Dyer stopped drinking and looked at her in mock surprise.
“Are you feeling all right today . . . no headaches or dizzy spells or anything like that?”
“It’s okay. This really is me talking,” Laura said. “It’s just that . . . well, everything I’ve seen since we came here . . . it’s all too incredible to be real, but it is. Whatever people had to learn to build something like this, they had to get it right. Know what I mean, there’s no room to fool yourself when you take on this kind of thing. There are so many other ‘ologies’ and ‘isms’ and all kinds of stuff that people spend their whole lives believing, but they’re all fooling themselves, aren’t they. They never have to prove it by doing something like this . . . something where there’s no getting away from the fact that it either works or it doesn’t.”
“You mean results,” Dyer offered, screwing the cap back on the flask and returning the flask to the knapsack.
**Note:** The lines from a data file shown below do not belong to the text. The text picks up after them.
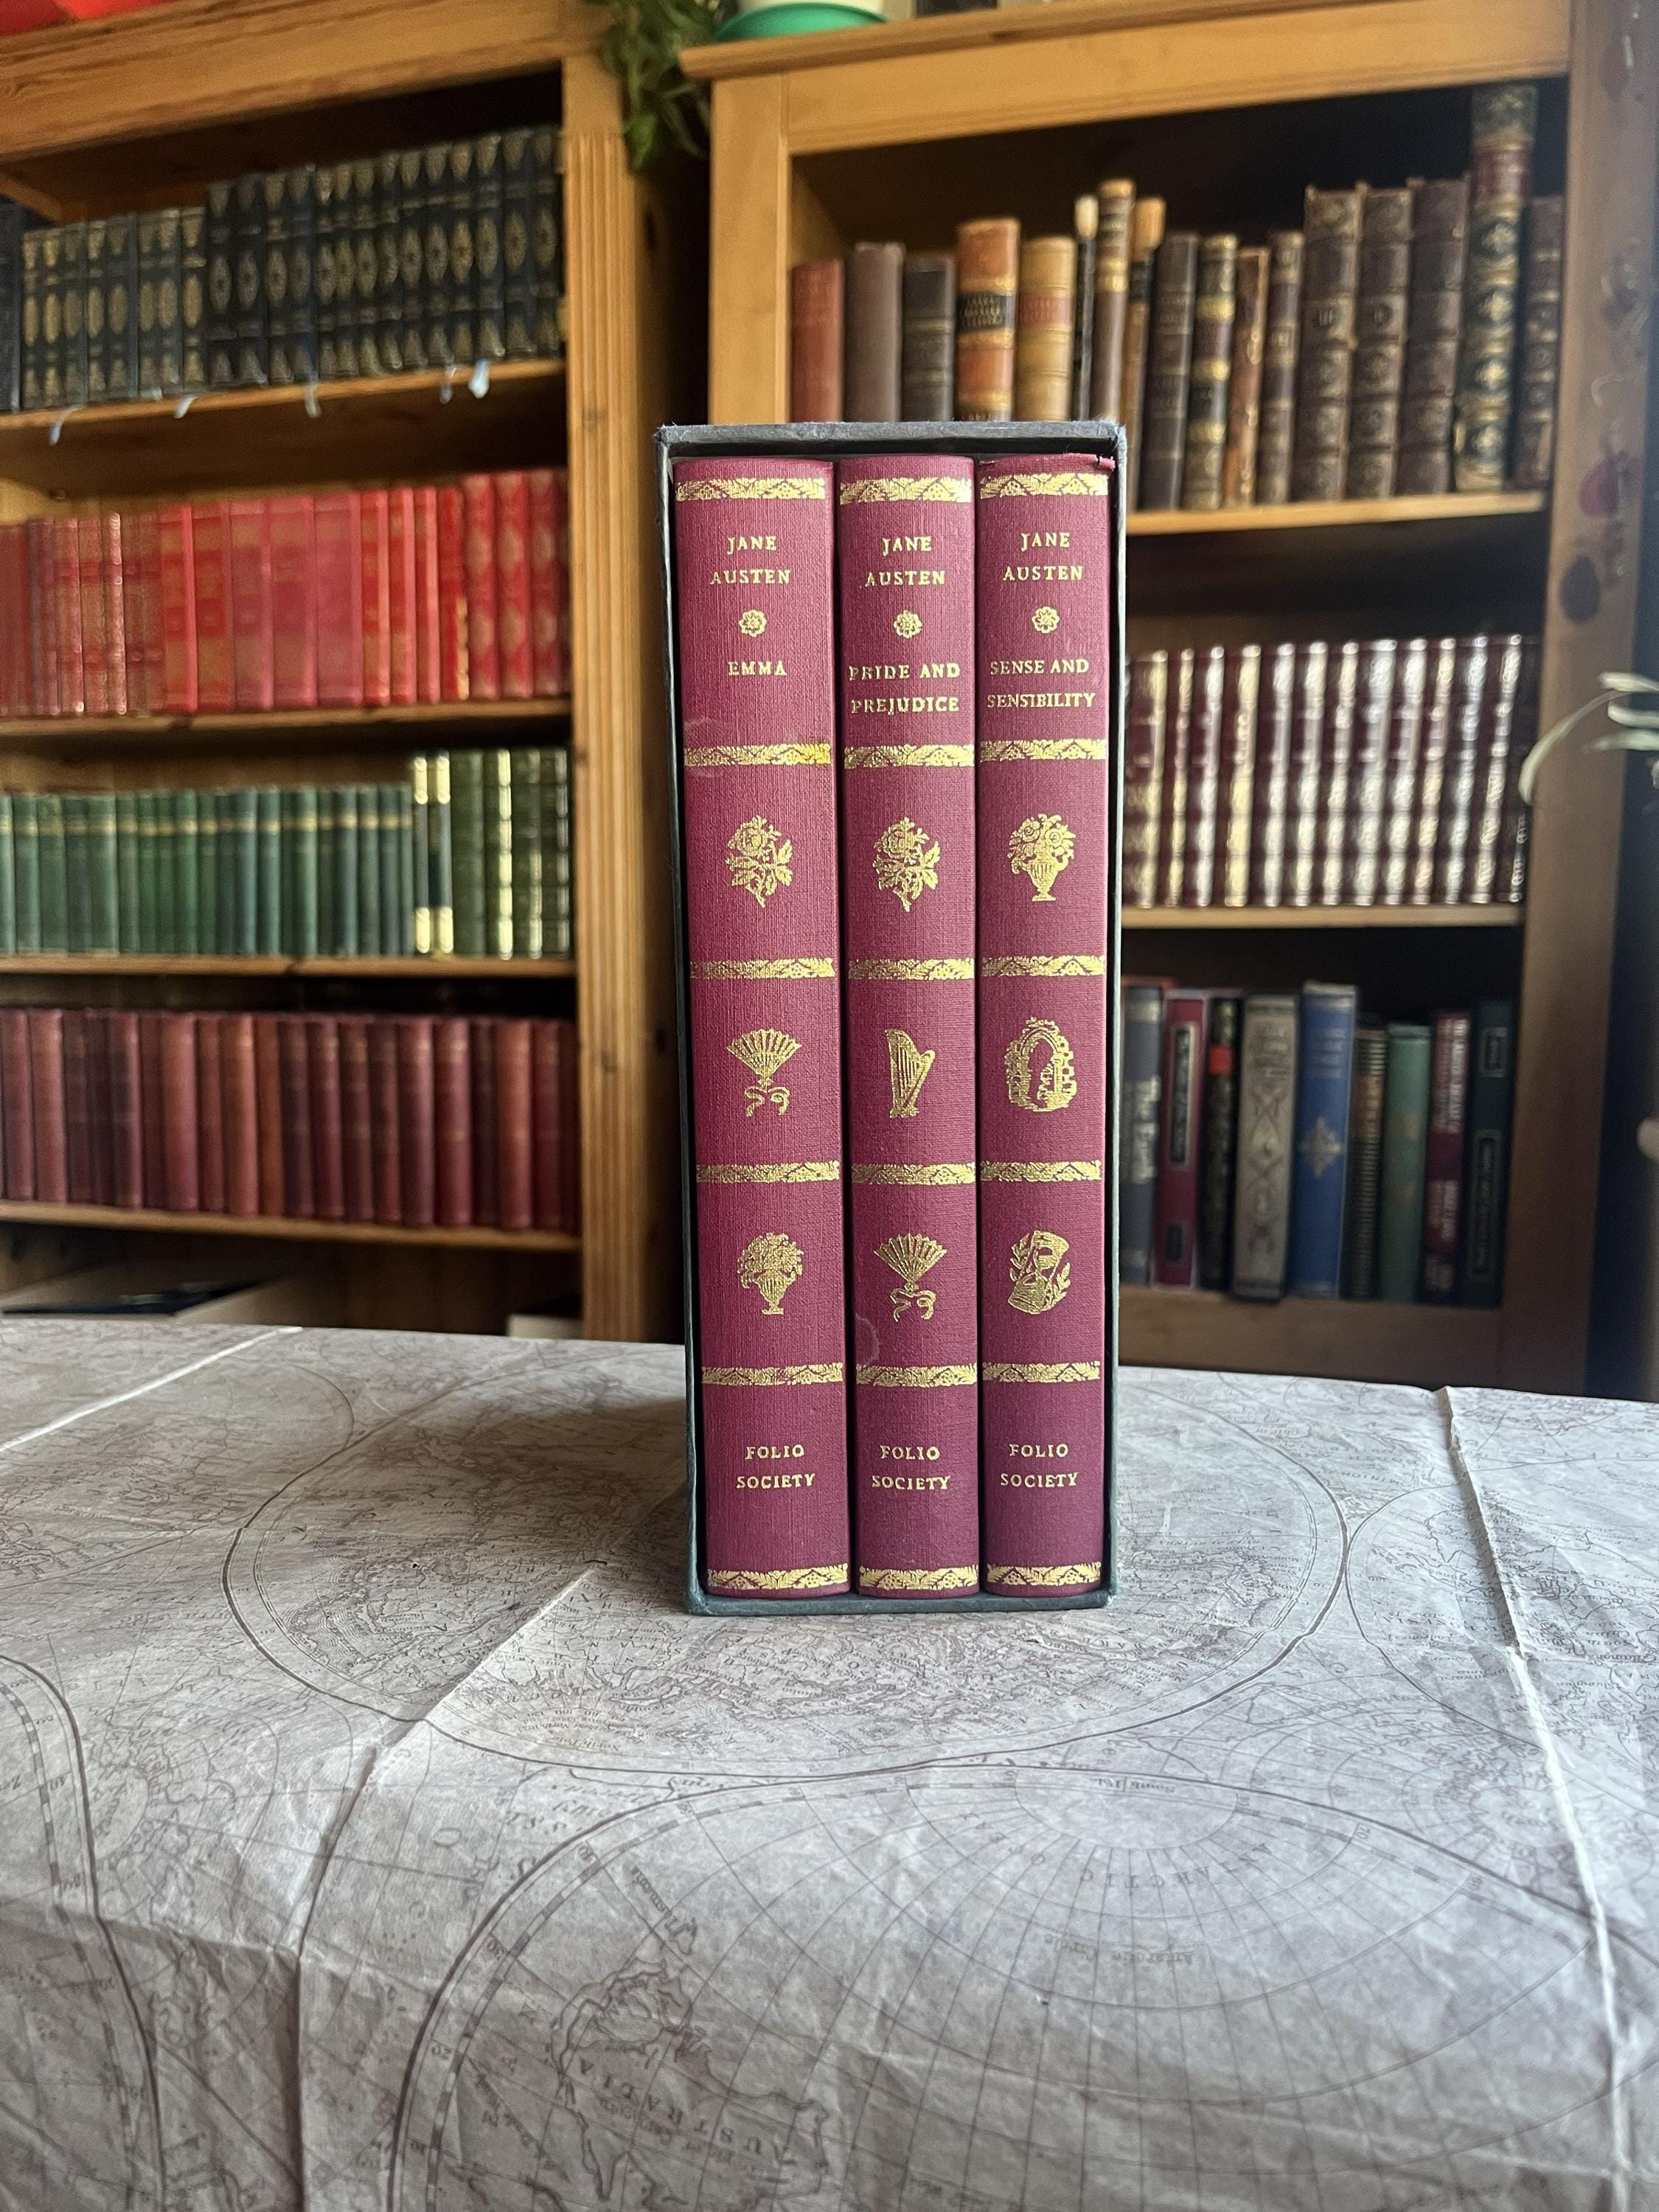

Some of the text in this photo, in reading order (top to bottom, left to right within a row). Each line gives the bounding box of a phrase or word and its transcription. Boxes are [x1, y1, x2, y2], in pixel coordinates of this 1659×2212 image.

[726, 535, 778, 554] JANE
[882, 535, 933, 557] JANE
[1020, 532, 1071, 552] JANE
[710, 569, 791, 585] AUSTEN
[865, 570, 946, 588] AUSTEN
[1002, 565, 1084, 582] AUSTEN
[727, 661, 787, 677] EMMA
[849, 662, 961, 681] PRIDE AND
[990, 658, 1091, 676] SENSE AND
[850, 696, 960, 717] PREJUDICE
[987, 692, 1096, 712] SENSIBILITY
[745, 1444, 805, 1460] FOLIO
[880, 1444, 941, 1461] FOLIO
[1009, 1443, 1068, 1458] FOLIO
[736, 1472, 815, 1489] SOCIETY
[872, 1475, 951, 1491] SOCIETY
[1001, 1472, 1079, 1488] SOCIETY
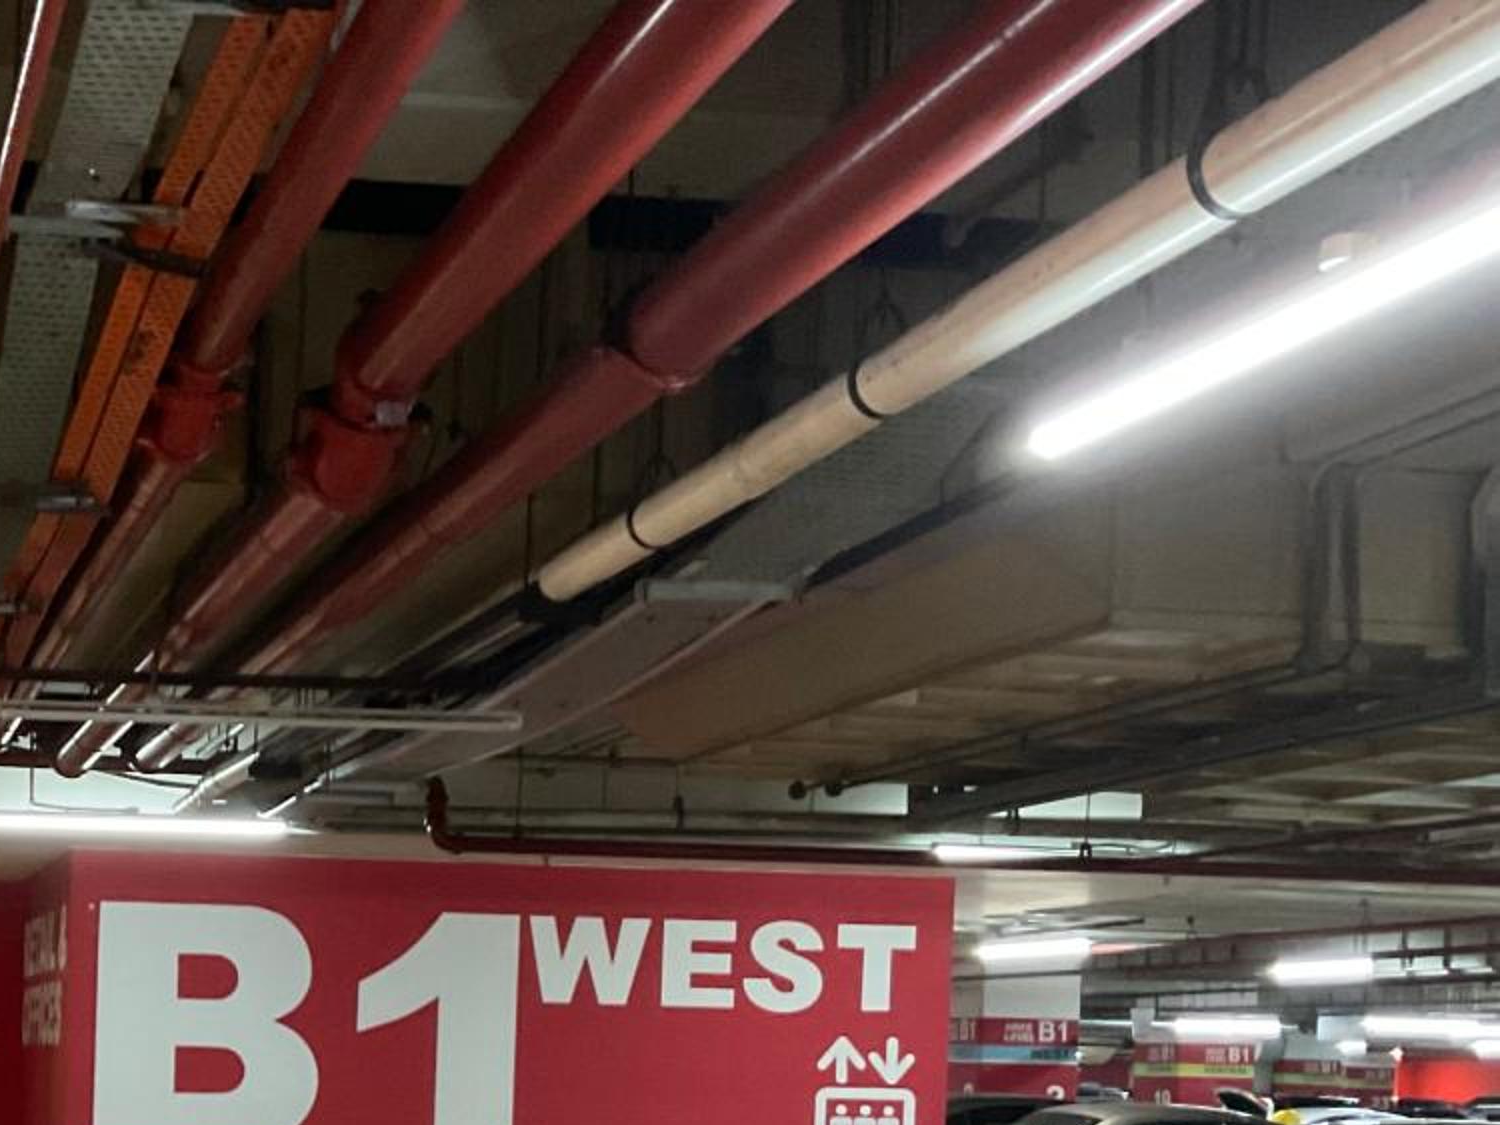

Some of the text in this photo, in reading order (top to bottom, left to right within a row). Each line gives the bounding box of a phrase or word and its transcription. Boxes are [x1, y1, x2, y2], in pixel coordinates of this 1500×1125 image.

[529, 915, 917, 1013] WEST
[1038, 1020, 1068, 1043] B1
[1228, 1045, 1249, 1063] B1
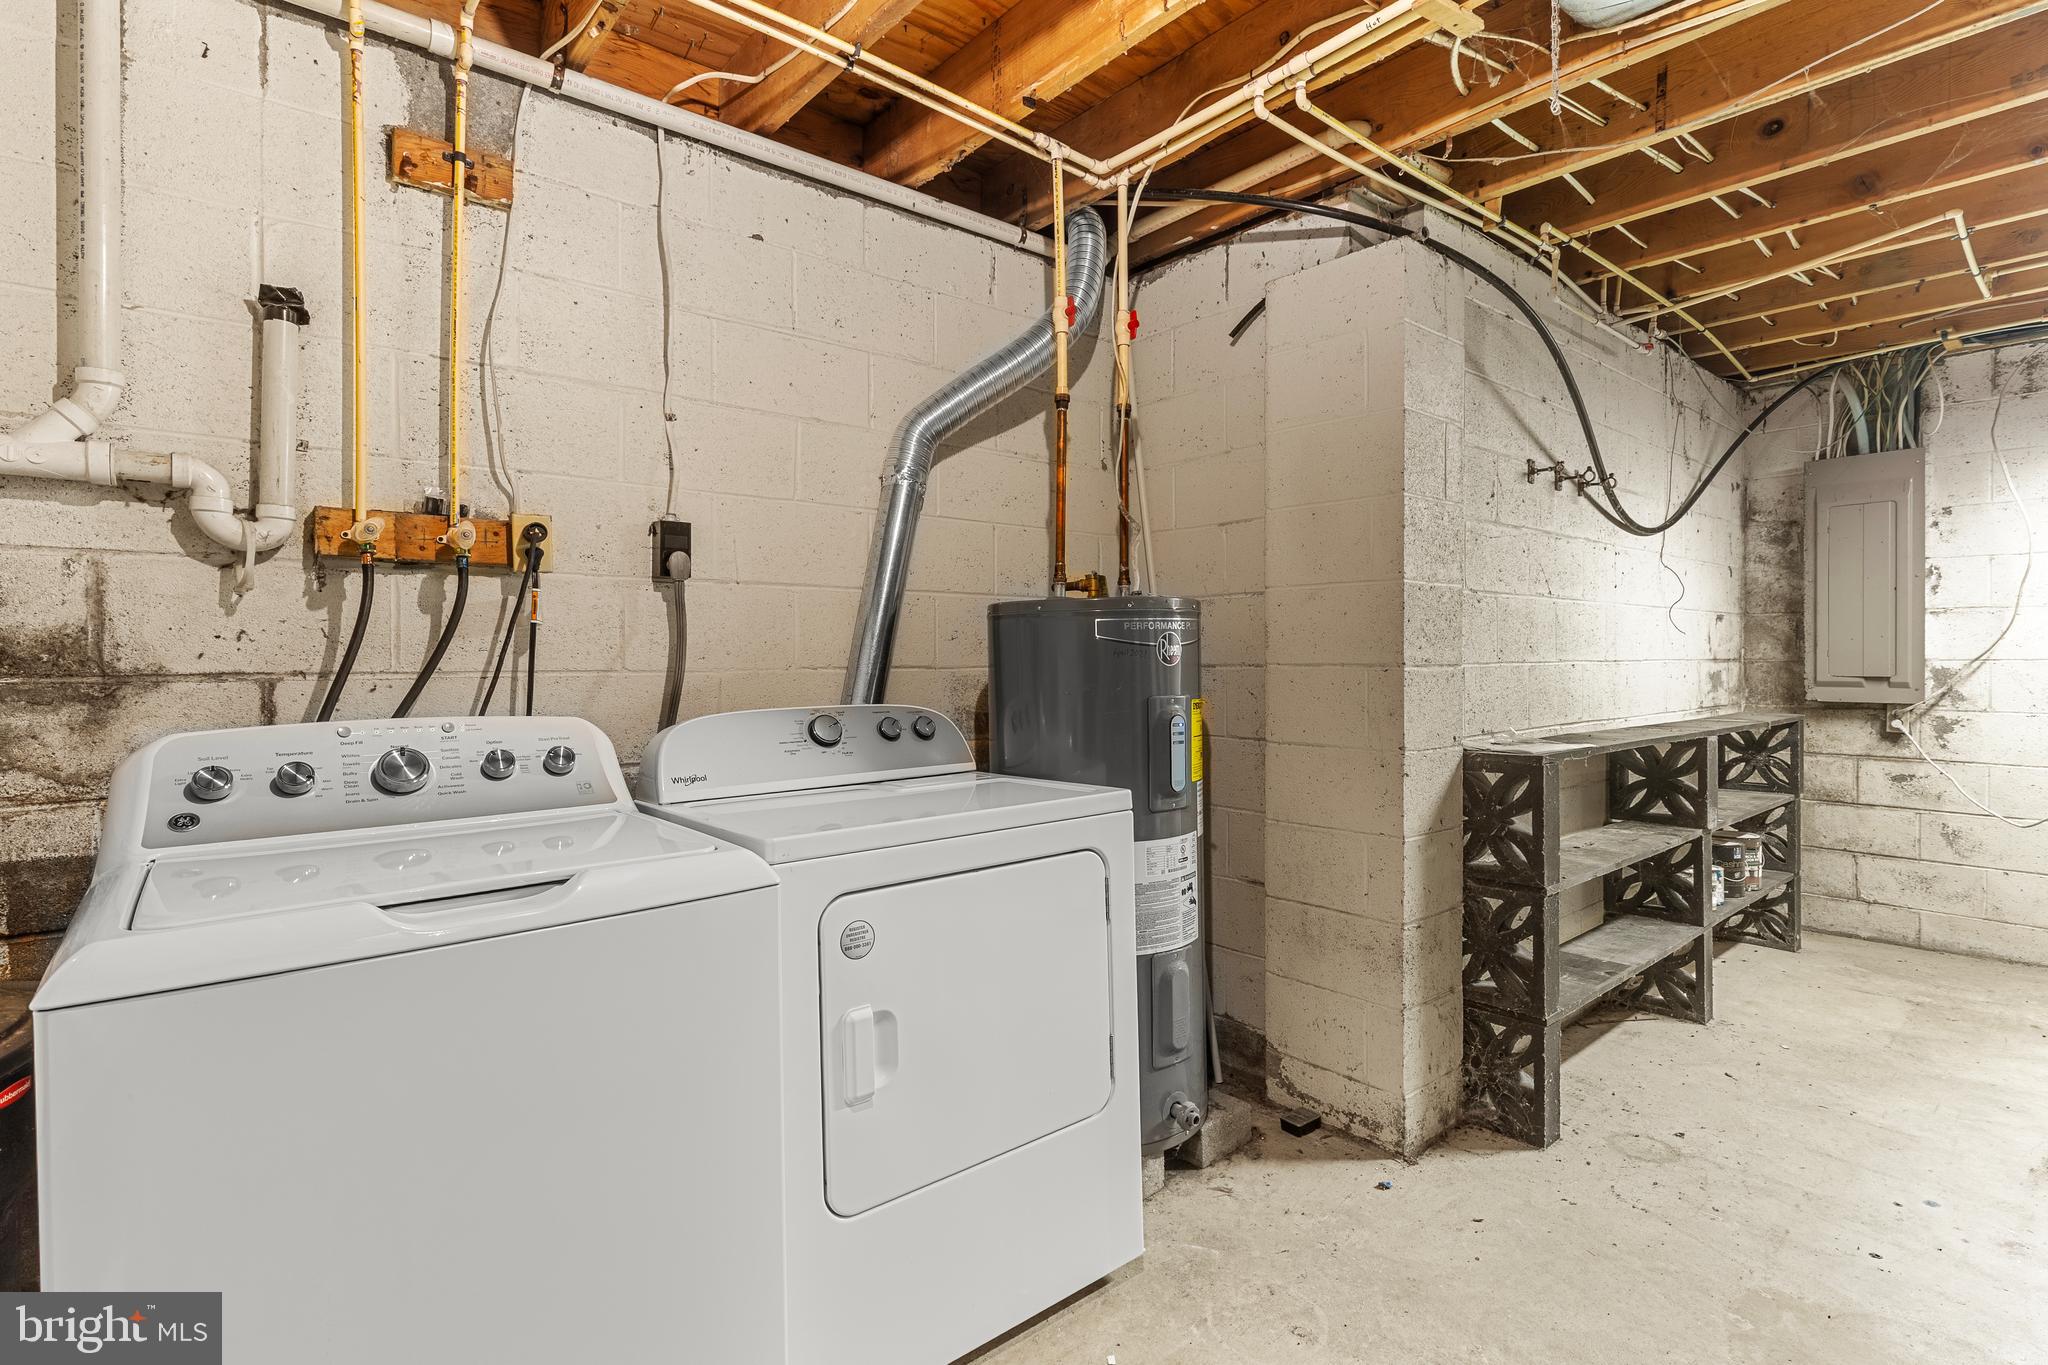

“Yes, that’s it I guess. Results. If something doesn’t produce any results outside your own head, there’s no way you’re ever going to know whether what you think about it is right or wrong. You could believe it all you want, but if you’re honest you’d have to admit that you couldn’t
know
.”
“Christ, you are starting to sound like a scientist,” Dyer told her. “Did you figure all that out just now?”
“No,” Laura replied. “It’s crossed my mind on and off for a long time. You ought to know. You’ve already said most of it.”
“Somehow I always had the impression that my utterances of undiluted wisdom were falling on stony ground,” he answered.
Laura gave a short laugh. “You sound like Chris. Okay, I know I sounded a bit mean at times, but don’t forget I had a job to do. I was supposed to find out how you people thought and how you felt about things. Well, I wanted the full picture. I was curious to see how you handle people who were being obstinate as well as nice people who say all the right things.”
Dyer looked up at her as the meaning of what she was saying percolated slowly through. His eyes widened and he slowly raised an accusing finger to point straight at her.